Thursday 24 November 2011

In an Almost Monochrome Country

Last week of autumn, last week of November, and it feels more like winter now. Maybe it's the fact that the early nightfall is still a novelty, and that memories of longer days are still relatively fresh, but this time of year feels so dark. Everything seems an almost monochrome; black, white and the orange of the street lamps only, the latter always seem to be seen reflected in puddles of rainwater, but it must rain in secret, because I don't remember it raining for weeks.
A lie obviously. When was I with Em and and nearly caught in the rain? Monday, Tuesday? It was at Mad Hatters, the coffee shop down Western Road. A post-work coffee, watching the walkers outside. Remember Em asking me if I wanted her hat when I walked back, to not get my head wet, but by the time I had finished my coffee it had stopped raining.
Out last night at the ice rink with Em for a birthday drink. A pint of Scandinavian Cider that tasted pleasantly of childhood and medicine. Inside a summer wedding style marquee, watching the skaters go round and round, most people surprisingly proficient. My favourite was a late middle aged man who seemed mildly surprised that he was on an ice rink at all. He smoothly drifted across the ice, occasionally scratching his chin in a disinterested way. He seemed lost deep in thought, as if he were having distinctly un-ice rink thoughts, which should only consist of Christmas films set in New York.
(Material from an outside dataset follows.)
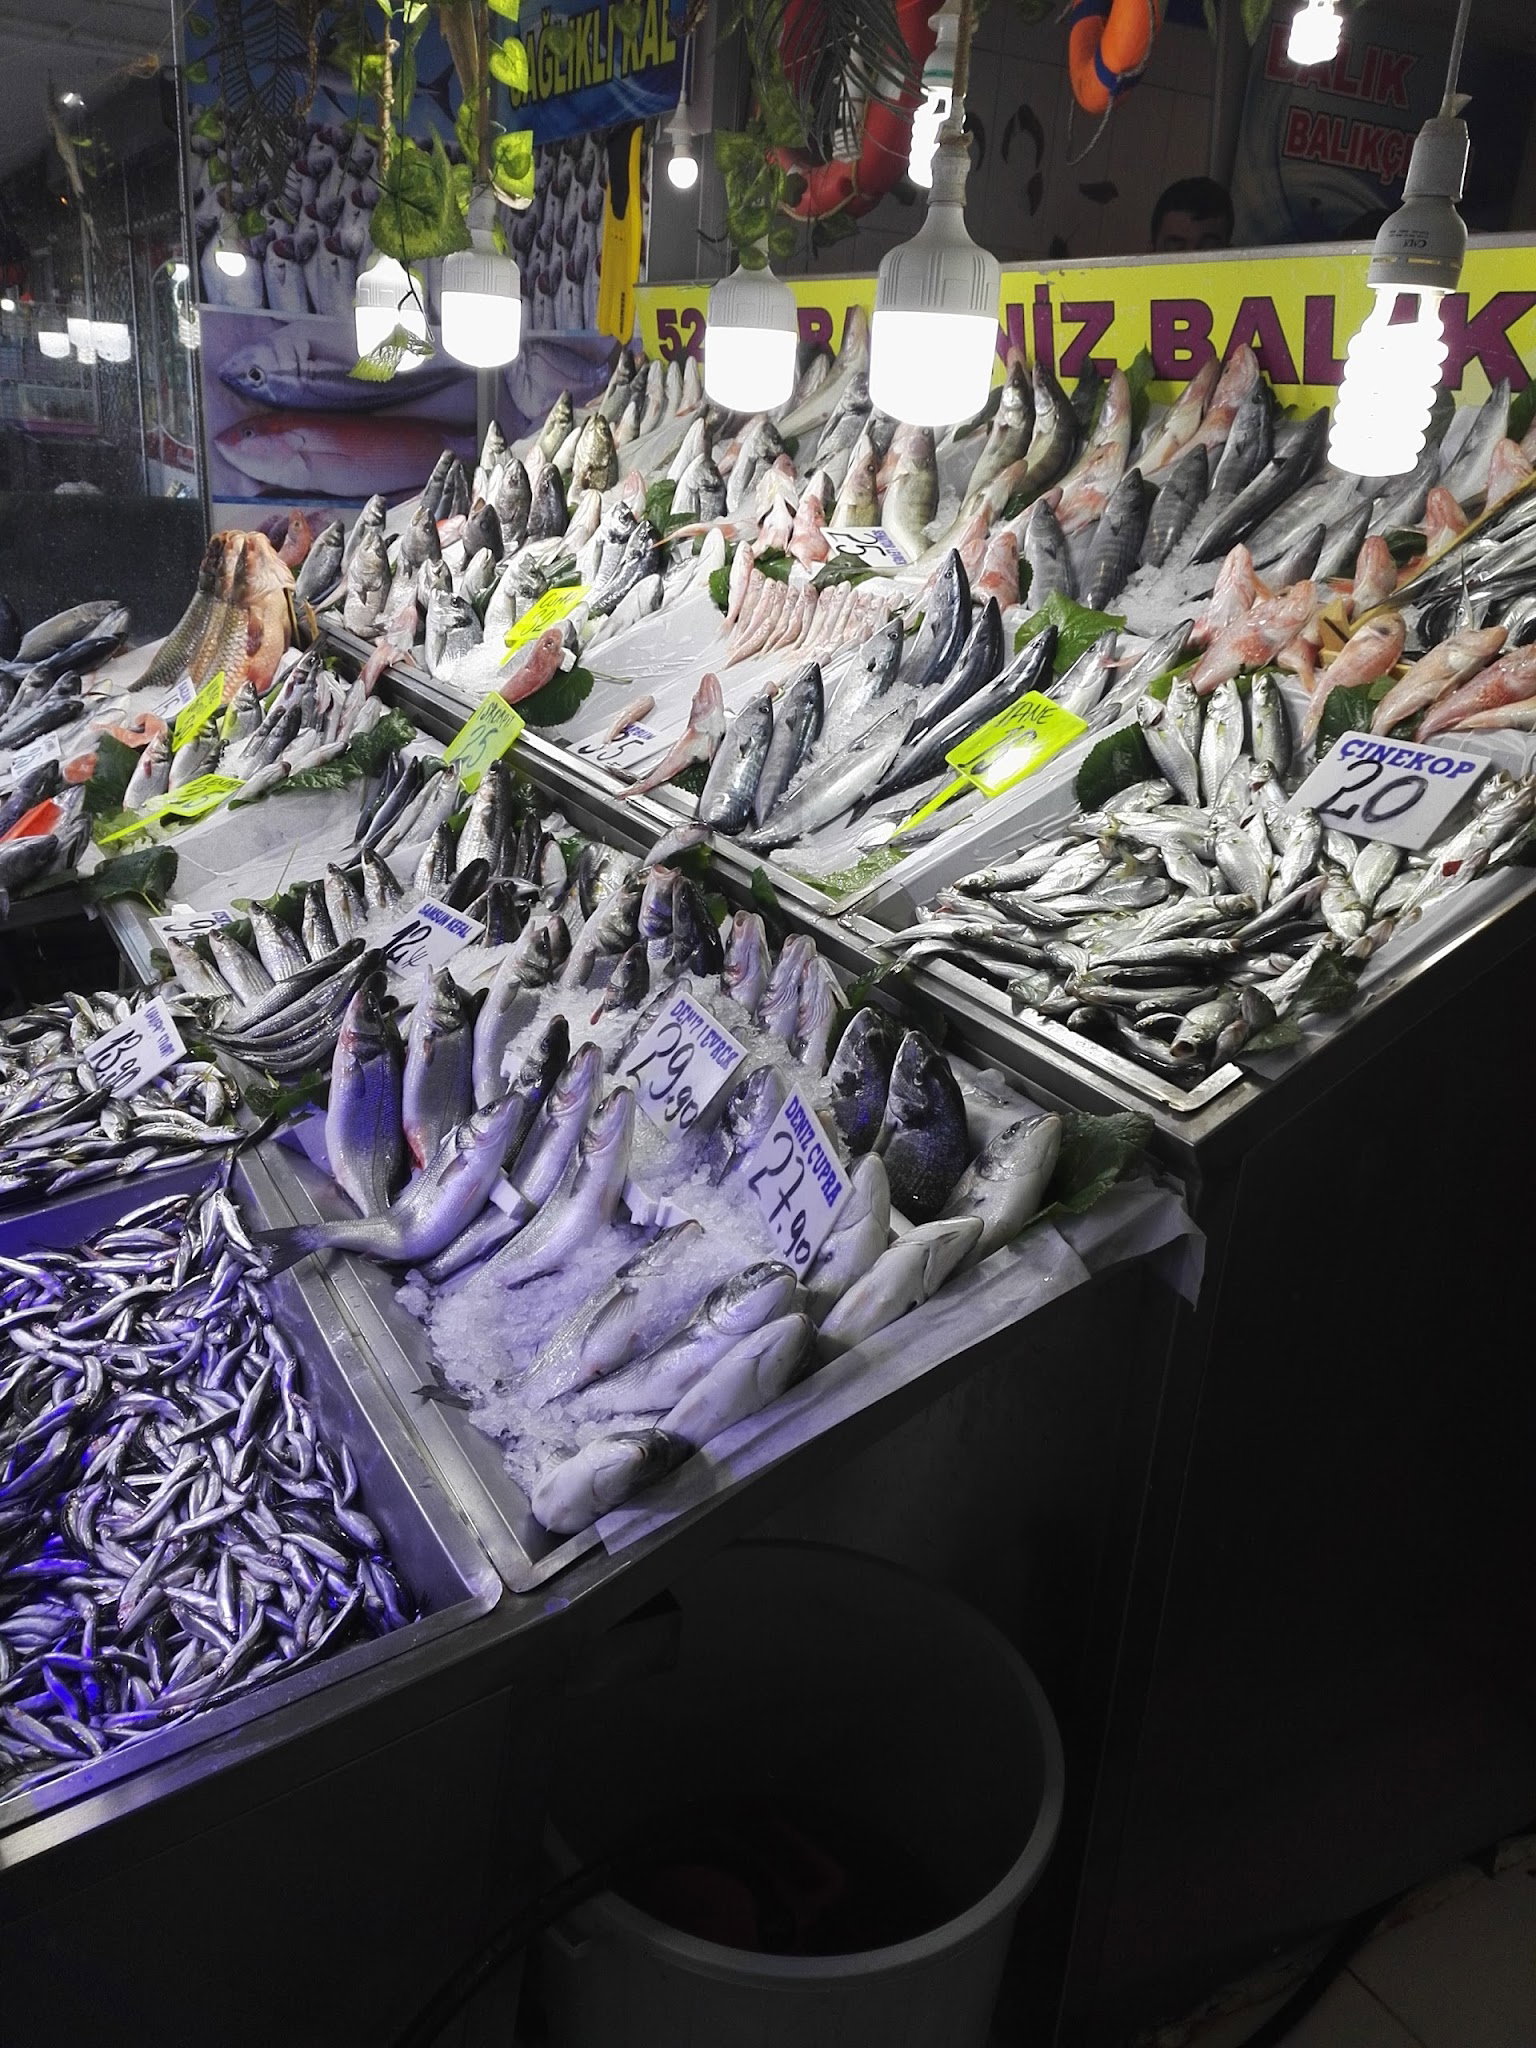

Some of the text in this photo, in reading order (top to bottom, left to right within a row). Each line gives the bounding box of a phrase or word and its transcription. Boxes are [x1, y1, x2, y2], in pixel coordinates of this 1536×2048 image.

Keep picking up resonances of this time last year - resonances being those strange Proustian moments that take you right back to a past time. Western Road tastes of the bedsit, and those narrow evening watching DVDs and thinking about horror comics, that cold yellow light and unhomely air. The dark unfriendly corridor to the bathroom in which the shower sometimes worked and sometimes didn't. Then the waking in the morning and peeling back a corner of the curtain to look at the industrial Edwardian landscape outside. Remember the pink of unwelcome dawns over the houses opposite. I enjoy these memories, and, at the same time know absolutely how unhappy I was living there. The strange corollary of remembering; that nostalgia is not limited to those times we were happy in, or to even those times that were particularly interesting, just for those times -any time- that has passed. Not strictly true of course, any more than my earlier statement about not seeming to have rained for weeks. I may be nostalgic for last year - but not for two years ago - but then may be for three years back. Living through the last season of Wilbury Crescent, the smell of polished rooms and freshly vacuumed carpet, staring out of the window at that wide winter sky, the railway landscape, the magpie tree, steamy pipes in the alleyway across the tracks...
I look about the living room now though, in a flat reminiscent of Wilbury Crescent, the same thick curtains and living room layout, Andy lying on the floor instead of Joe, the same landlady, and I wonder sometimes how much has changed at all.